本发明的原理是根据抗原抗体的特异性反应和可解离的特性,用β2-受体兴奋剂-克仑特罗抗体提取食品中的β2-受体兴奋剂克仑特罗残留。
一方面,本发明提供了一种制备克仑特罗免疫亲合柱的方法,该方法包括下列步骤a)将克仑特罗特异性抗体与溴化氰活化的Sepherose 4B胶混合,转鼓搅拌,偶联过夜;烧结玻璃滤器抽滤偶联胶,PBS洗脱未结合抗体,每次5毫升,洗4次;用1M乙醇胺封闭未结合位点,加过量乙醇胺孵育2.5小时,抽滤乙醇胺,用偶联缓冲液抽洗,然后再用HAC,Tris-Hcl缓冲液交替洗涤共4次,每次5ml;b)将偶联后的胶装入亲和层析塑料柱中,装注1ml/柱,稍用力压紧,即得所述的克仑特罗免疫亲合柱。
在本发明的一个优选实施方案中,所述的克仑特罗免疫亲合柱的制备方法具体操作为取Sepherose 4B(100-120目)湿重4g(6ml),用0.1M pH9.5 Na2CO3溶液浸泡4小时。通风厨中称取溴化氰0.8g溶于1.2ml Na2CO3(2g溶液3ml缓冲液),电磁搅拌10分钟。冰浴电磁搅拌下,将溴化氰溶液加入Sepherose4B中,2分钟内完成,滴加2N NaOH,使pH值保持在11,冰浴反应10分钟。
将反应后的Sepherose 4B倒入布氏漏斗中,用预冷的Na2CO3溶液4-10℃洗2-3分钟内完成,抽洗25倍体积的液体准备交联蛋白。
4℃下,将实施例1制备的抗体(多克隆抗体或单克隆抗体)溶液与溴化氰活化的Sepherose4B胶混合,转鼓搅拌,偶联反应过夜。
烧结玻璃滤器抽滤偶联胶,PBS洗脱未结合抗体,每次5毫升,洗4次。分别测定抗体含量。

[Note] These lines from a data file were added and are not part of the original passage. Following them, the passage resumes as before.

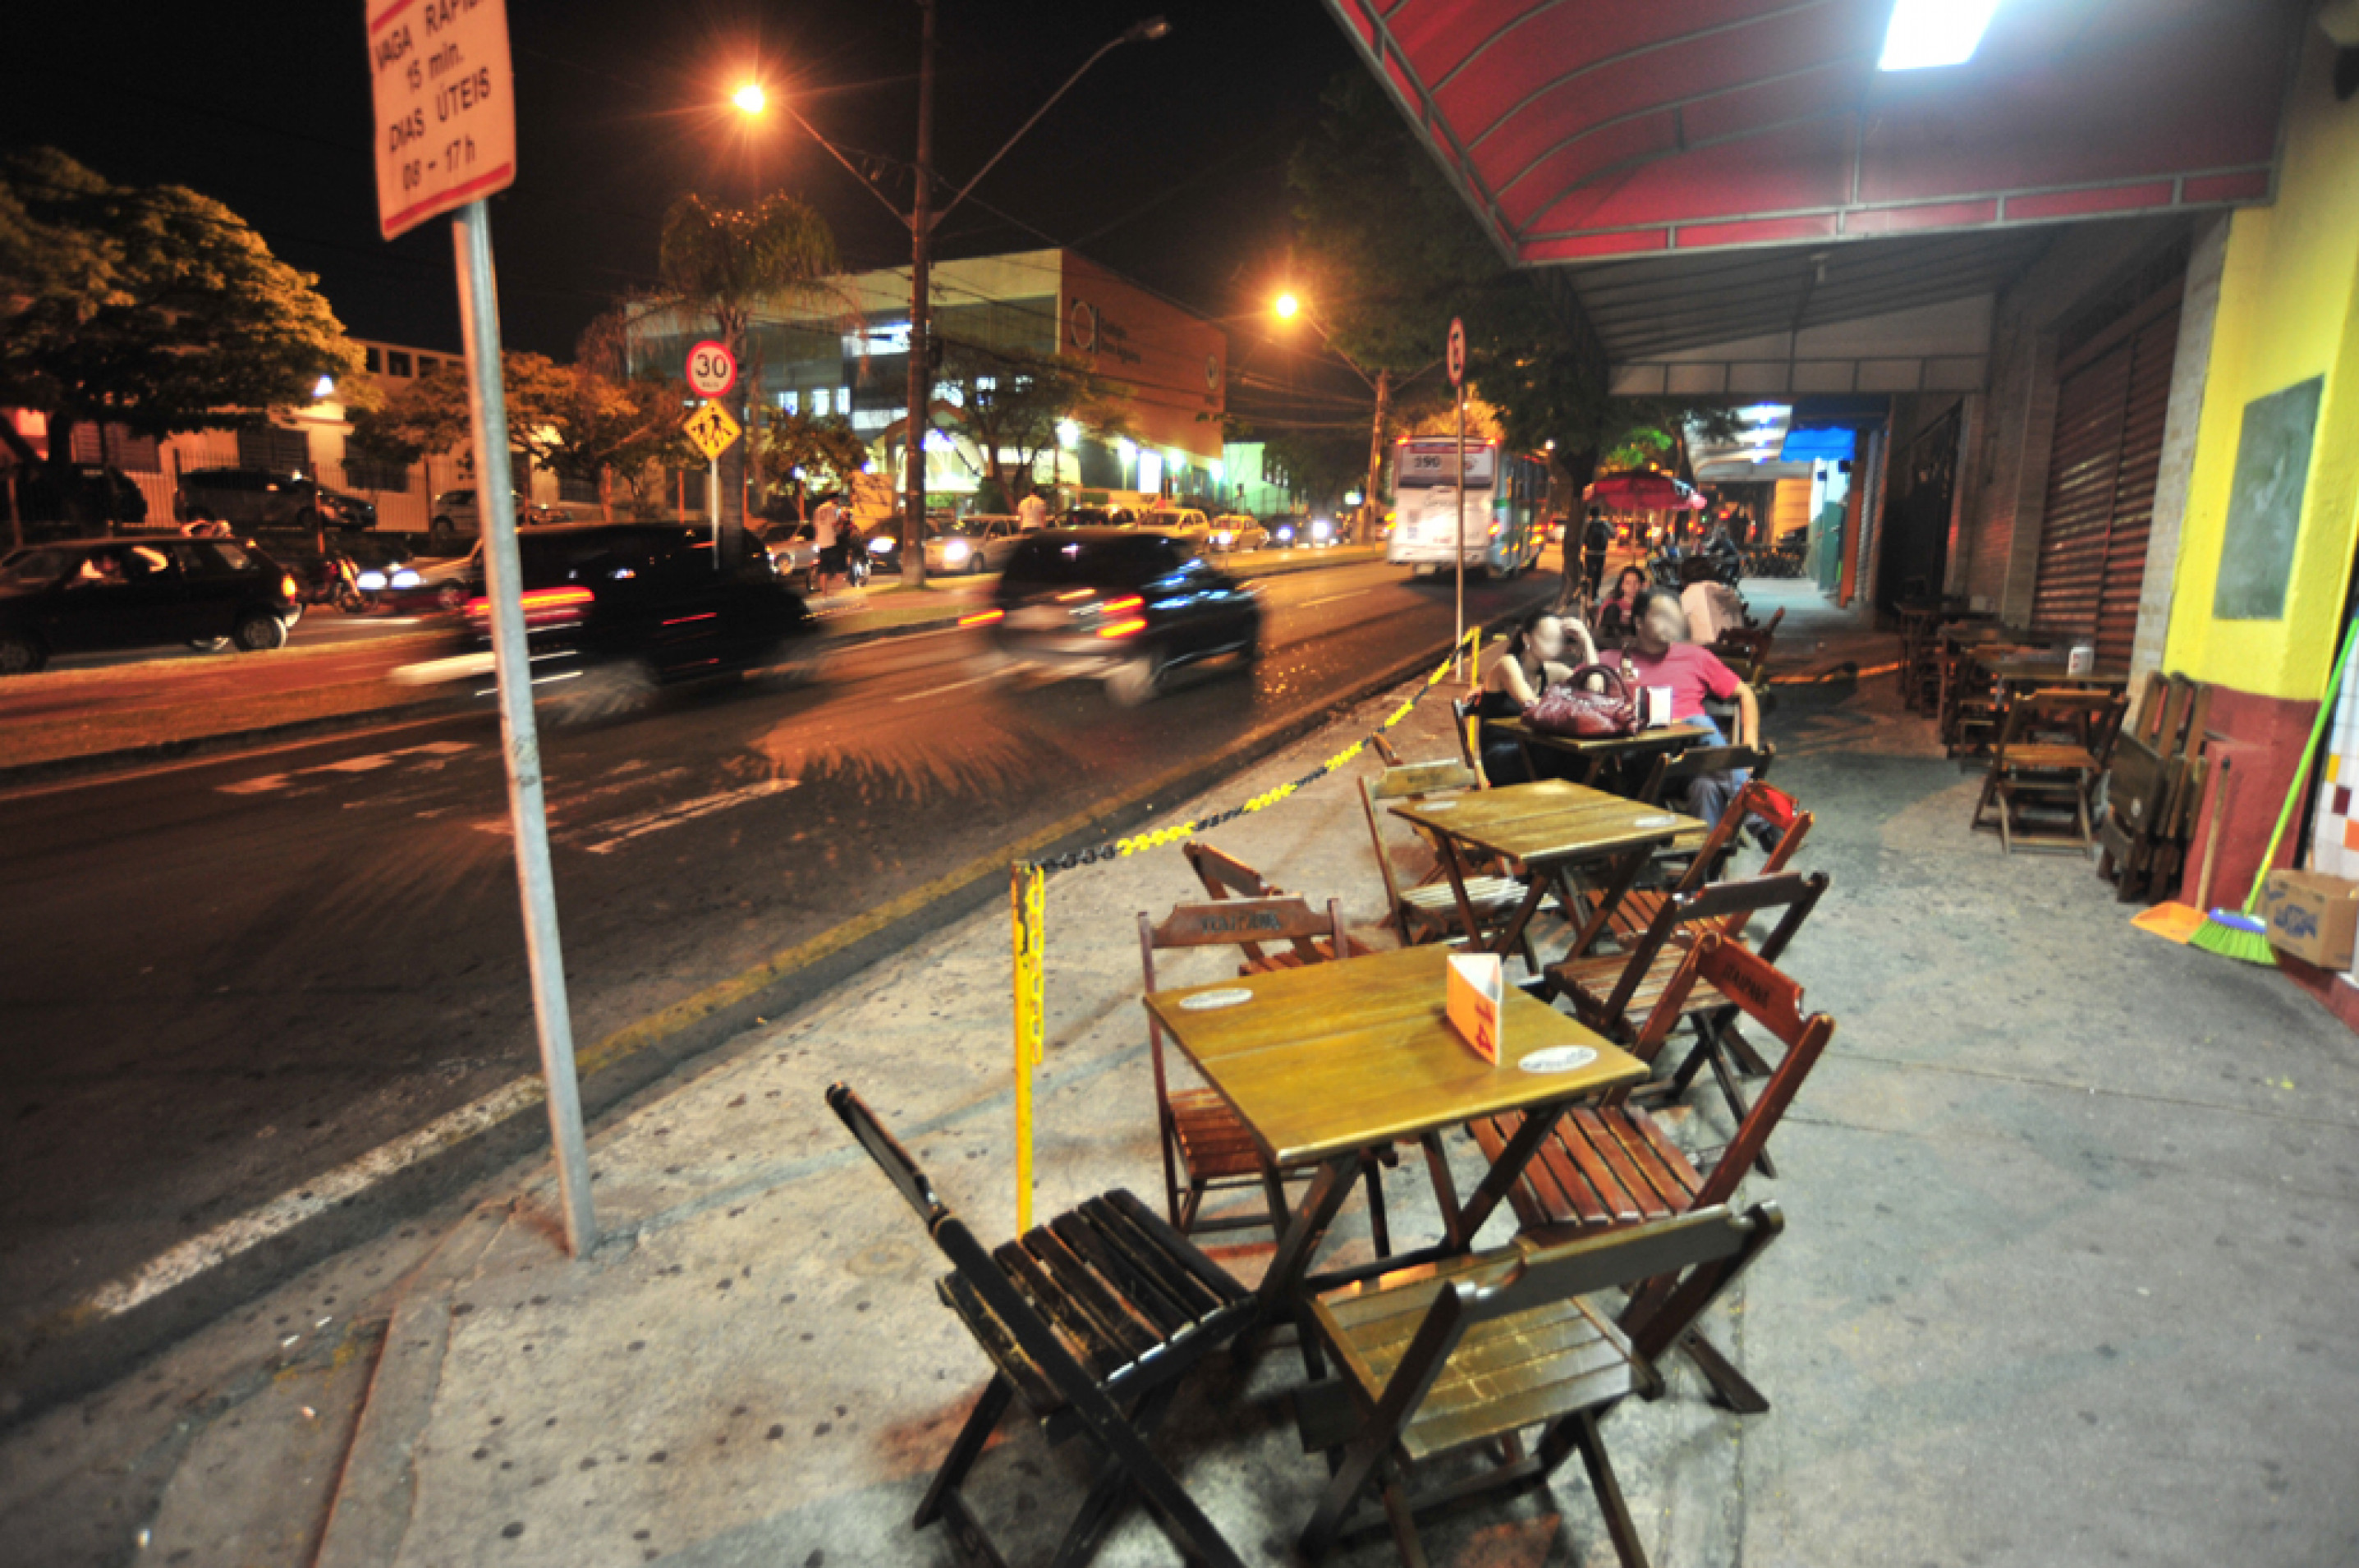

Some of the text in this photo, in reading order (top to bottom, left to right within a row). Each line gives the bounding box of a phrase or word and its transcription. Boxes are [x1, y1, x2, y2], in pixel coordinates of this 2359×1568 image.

[375, 23, 413, 71] VAGA
[407, 43, 463, 92] 15 min.
[389, 66, 490, 154] DIAS ÚTEIS
[403, 158, 421, 190] 08
[695, 354, 727, 378] 30
[1476, 1003, 1494, 1053] 14

用1M乙醇胺(ethanolamine)封闭未结合位点,加过量乙醇胺孵育2.5小时。抽滤乙醇胺,用偶联缓冲液抽洗。然后再用交替的HAC,Tris-Hcl缓冲液洗4次,每次5ml。
最后,将偶联后的胶装入亲和层析塑料柱中,装注1ml/柱,稍用力压紧,即得到本发明所述的克仑特罗免疫亲合柱。
另一方面,本发明提供了一种克仑特罗免疫亲合柱,该免疫亲合柱包括偶联有克仑特罗特异性抗体的Sepharose 4B与装载该亲和材料的塑料柱。

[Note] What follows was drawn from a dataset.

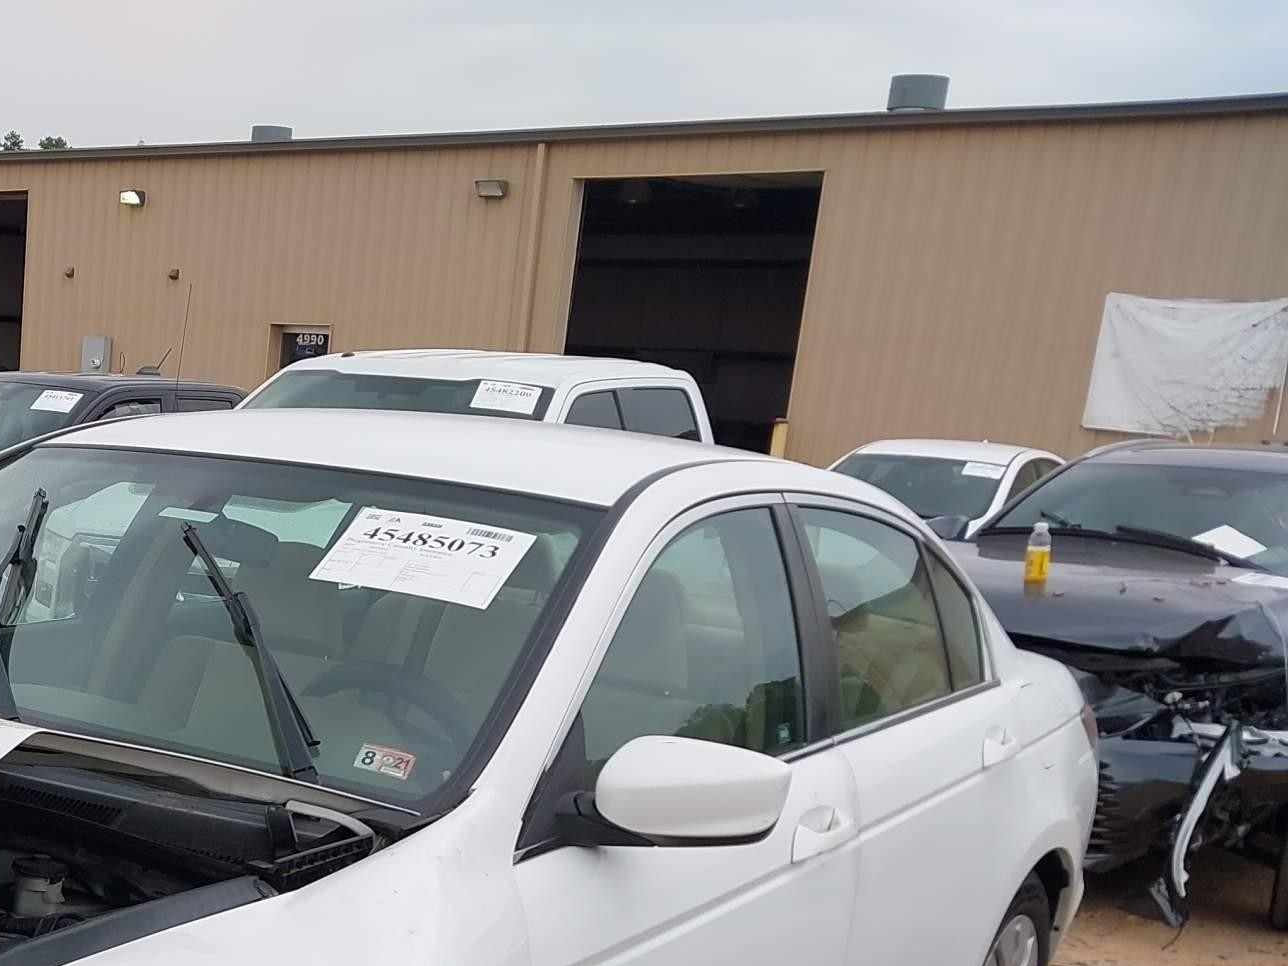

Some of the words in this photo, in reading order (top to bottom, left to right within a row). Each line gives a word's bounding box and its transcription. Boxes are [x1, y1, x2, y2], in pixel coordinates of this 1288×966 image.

[296, 334, 325, 345] 4990
[362, 526, 501, 559] 45485073
[361, 750, 377, 766] 8

其中所述的克仑特罗特异性抗体为单克隆抗体或多克隆抗体。本发明所述的克仑特罗特异性抗体通过下述方法制备1)按小分子半抗原的偶联方法制备克仑特罗与载体蛋白偶联物;以及,2)用该偶联物作为免疫原免疫动物(例如,兔),分离血清,纯化得到多克隆抗体;或者3)免疫小鼠,通过杂交瘤技术获得单克隆抗体;4)用不同载体蛋白的偶联物为包被原用于检测抗体质量。
其中所述的载体蛋白包括但不限于,例如牛血清白蛋白(BSA)、人血清白蛋白、卵清蛋白和钥孔铜兰蛋白(keyhole limpet hemocyanin,KLH)。所述的克仑特罗与载体蛋白的偶联物采用重氮化法、戊二醛法、活性酯法或多元酸酐法与混合酸酐法联合方法偶联。

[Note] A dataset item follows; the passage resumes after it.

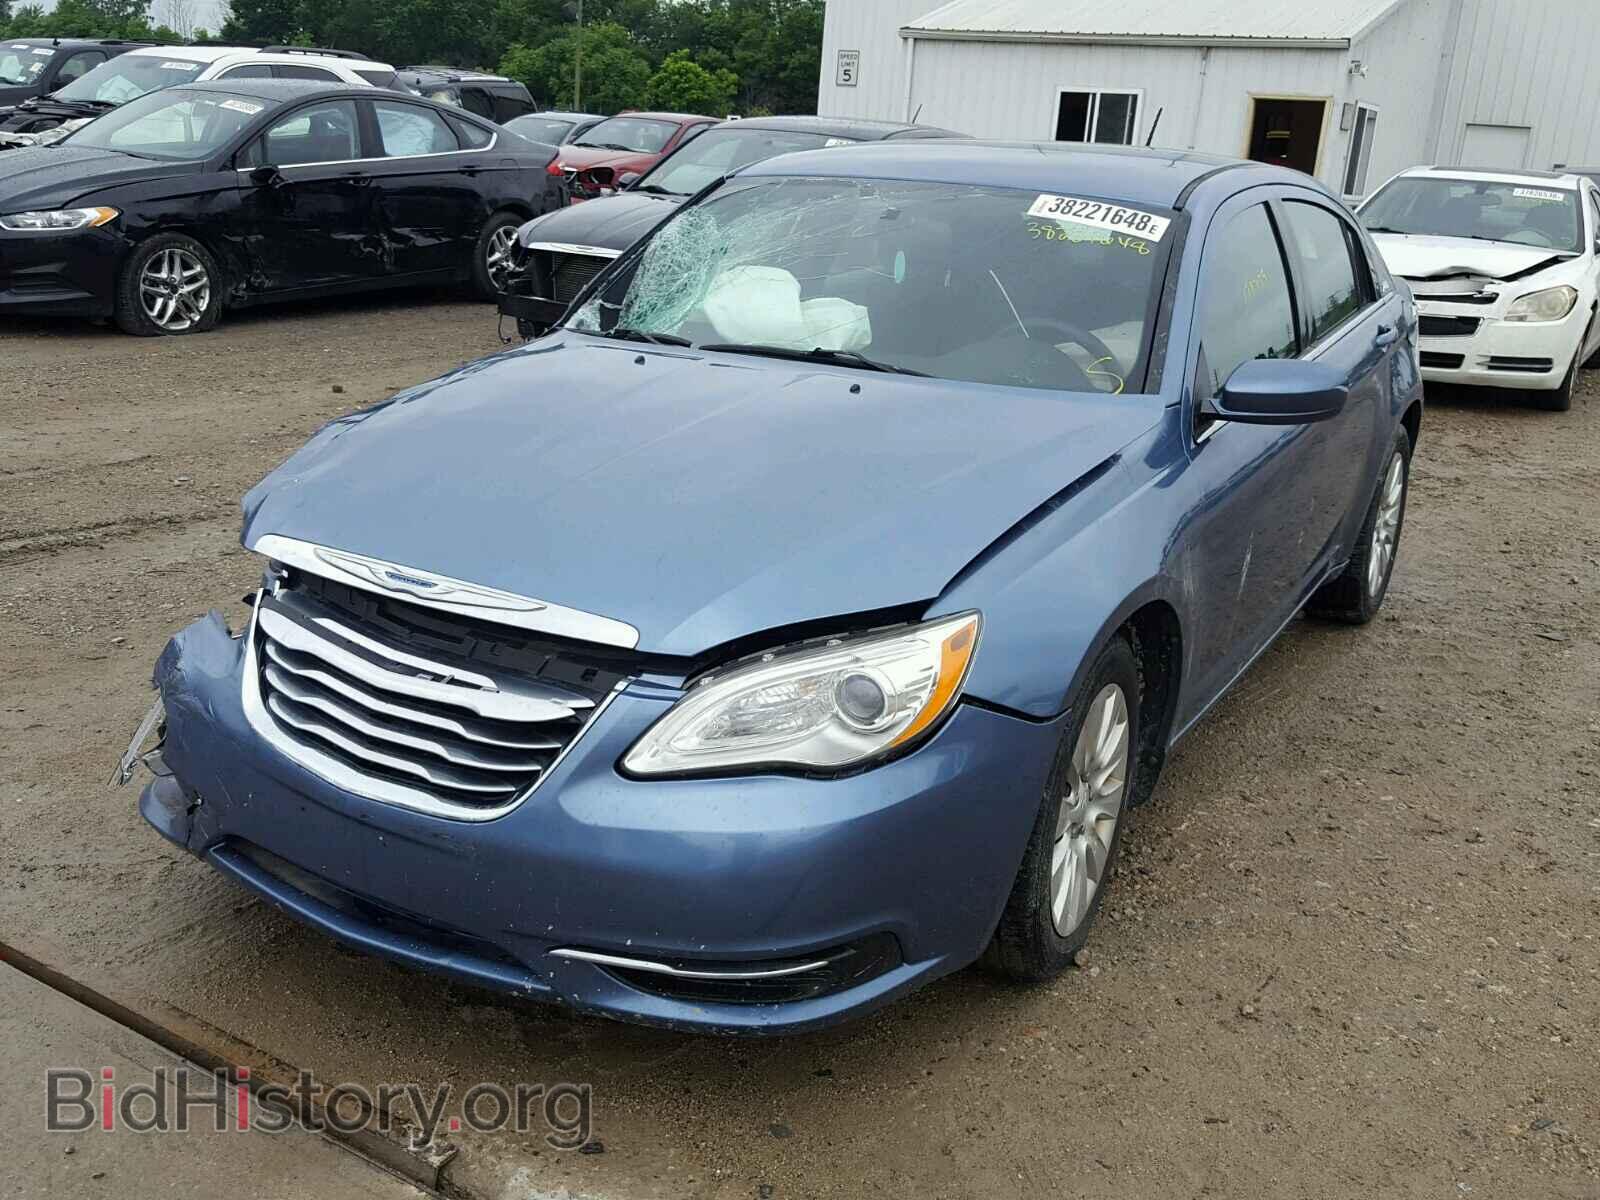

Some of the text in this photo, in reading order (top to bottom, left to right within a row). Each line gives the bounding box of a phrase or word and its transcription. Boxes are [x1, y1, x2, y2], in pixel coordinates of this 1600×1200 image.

[842, 69, 852, 82] 5
[1048, 197, 1151, 232] 38221648
[1148, 224, 1159, 235] E

本发明所述免疫亲和柱的保存条件为0.01%硫柳汞钠的磷酸盐缓冲液(PBS,0.01mol/L,pH7.4),4℃保存。
另外,为方便现场应用,本发明所述免疫亲合柱还可以进一步包括上样缓冲液、淋洗液及洗脱液。
在本发明的一个优选实施方案中,所述的上样缓冲液为PBS(0.02MPB-0.05MNaCl,PH7.2),所述的淋洗液为PBST(0.02MPB-0.05MNaCl-0.2%Tween20,PH7.2);所述的亲合柱洗脱液为甲醇/1M乙酸(V/V为97/3)。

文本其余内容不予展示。